Okay, so I've continued to think about bargaining solutions, and it's worth giving a clear example of why the most obvious heuristic fails: why not, when striking a bargain, have both sides benefit equally? Seems simple enough.

Imagine a monk doctor. All they care about is their spiritual life, their inner fulfillment. They believe that if they die, they'll be reincarnated, and be able to continue their spiritual journey, albeit in a slightly less convenient way.

And a father comes to the monk doctor, meditating on top of a mountain, with his child, and says, "Monk, please, save my son!" And the monk thinks, I do need money to keep living my ascetic life, but the monk also wants to be fair, according to the bargaining rules of the material world. So the monk calmly and slowly says, "Okay, I will construct a deal that benefits us both equally. I have no great want for money – indeed, I'd probably give most of it away, and chastise myself for self-satisfaction in doing so, if any arose. And I do not care even if I would perish on his mountain, in my temple. But money is slightly useful to me."
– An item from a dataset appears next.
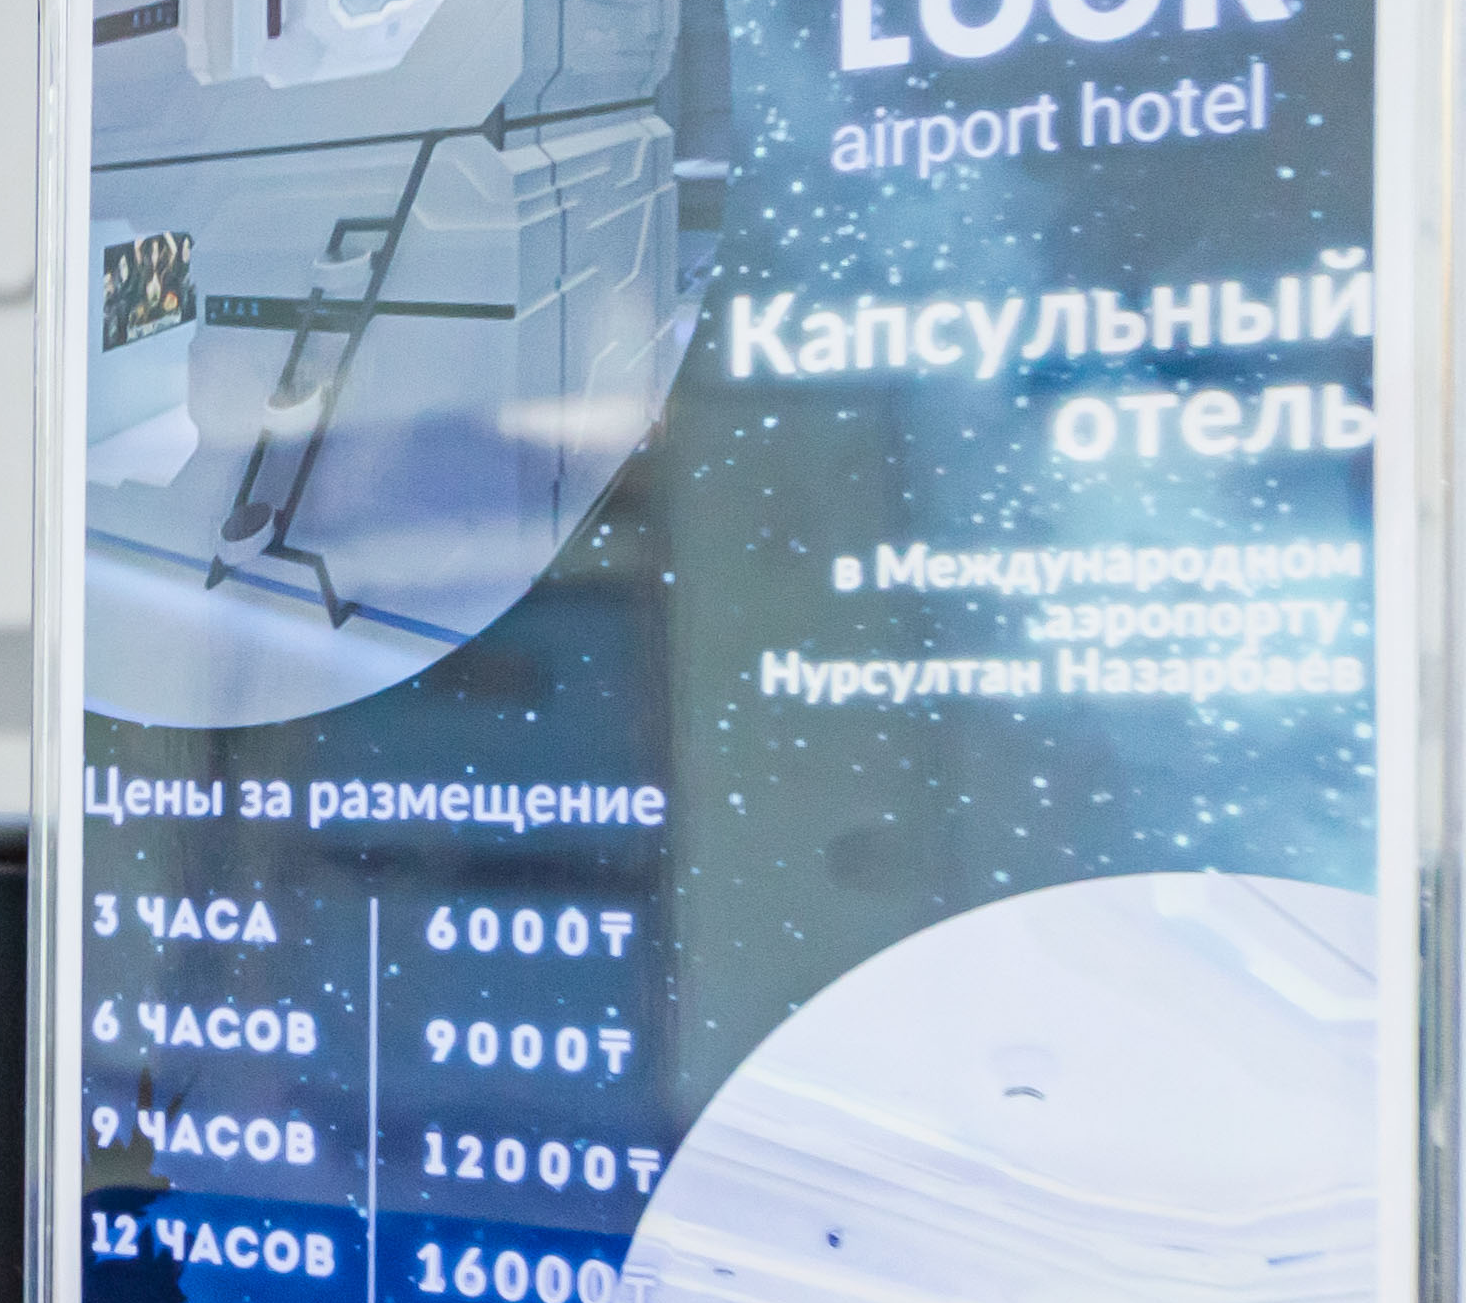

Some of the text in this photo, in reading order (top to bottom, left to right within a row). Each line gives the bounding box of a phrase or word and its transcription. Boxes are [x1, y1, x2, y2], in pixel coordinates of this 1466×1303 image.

The monk continues, "But your son is irreplaceable for you, of incredibly dear value. You love him with all your heart, and without me, he would surely die, and you would witness his agonizing death, knowing that, if you accepted the bargain, he would live. Because you have not removed yourself from desire, this will bother you immensely for the rest of your days, beyond even the tragic passing of your son.

"So my suggestion is this: that I heal your son, and you pay me one quadrillion dollars."

Of course, the father does not have one quadrillion dollars, but when fairness demands both people benefit equally, it must not also demand that yachts are a nickel – that would be a directly opposing value. Things worth a lot would need to cost a lot, to balance consumer and producer surplus.

I hope this makes clear why equal-gains bargaining solutions are really only good as a first-approximation, like the Newton's laws of bargains. When values are very high, elasticity is very low, or almost any other interesting condition holds, it breaks down, and you must use a more complicated formula for generating a good result.

It's also worth remarking that this bargain would be struck essentially the same way with a normal doctor (it's just an afternoon's worth of work's opportunity cost for an entire child's life – if your child's life is worth at least $10 million, it seems like, if the doctor values money the same as the father, two appointments a day for 200 working days a year would make the selfish, materialist doctor a billionaire in about three months), and therefore even in a competitive marketplace the bargaining solution would lead to highly unintuitive pricing for simple but valuable services.